## PROMPT
Everything in the listing that follows should be reproduced exactly except the pictures.
── GIVEN INFORMATION ──
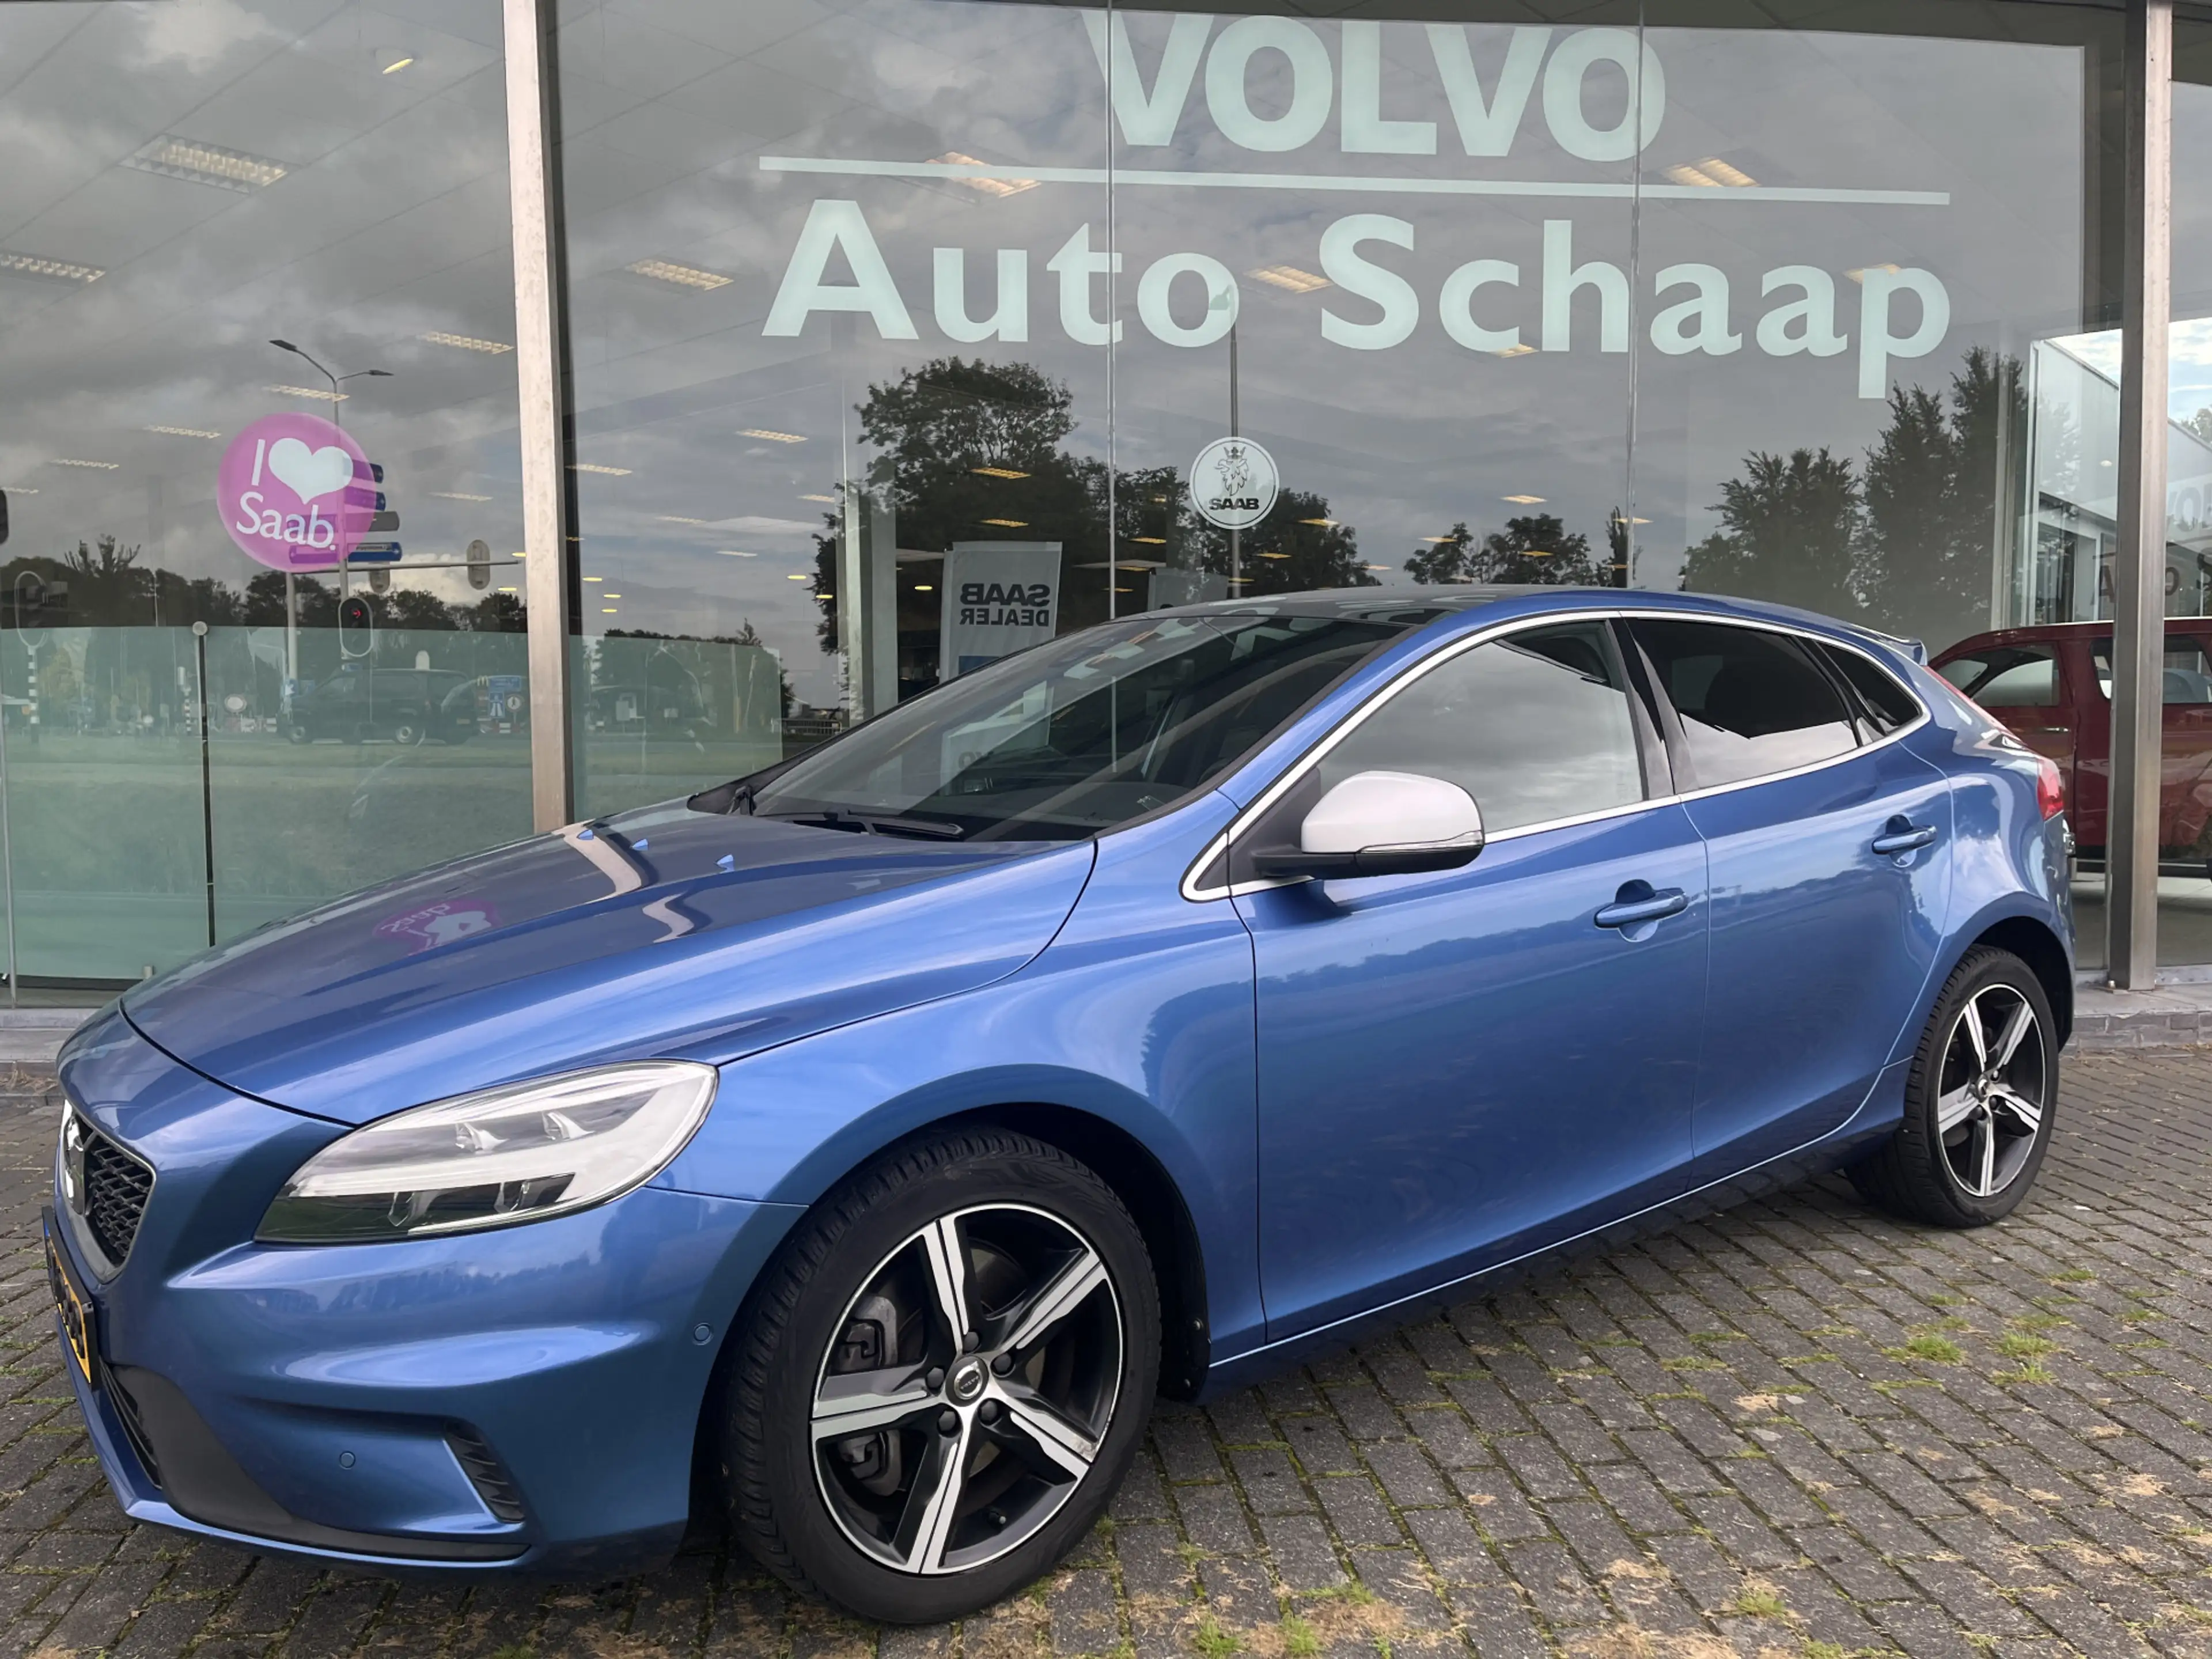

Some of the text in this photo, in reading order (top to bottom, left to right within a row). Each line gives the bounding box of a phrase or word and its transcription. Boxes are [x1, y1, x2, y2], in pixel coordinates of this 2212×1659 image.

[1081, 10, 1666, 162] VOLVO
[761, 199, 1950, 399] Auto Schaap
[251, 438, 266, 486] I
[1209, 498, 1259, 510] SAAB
───
## SOLVED PROBLEM
Some of the text in this photo, in reading order (top to bottom, left to right within a row). Each line gives the bounding box of a phrase or word and its transcription. Boxes are [x1, y1, x2, y2], in pixel coordinates of this 2212×1659 image.

[1081, 10, 1666, 162] VOLVO
[761, 199, 1950, 399] Auto Schaap
[251, 438, 266, 486] I
[1209, 498, 1259, 510] SAAB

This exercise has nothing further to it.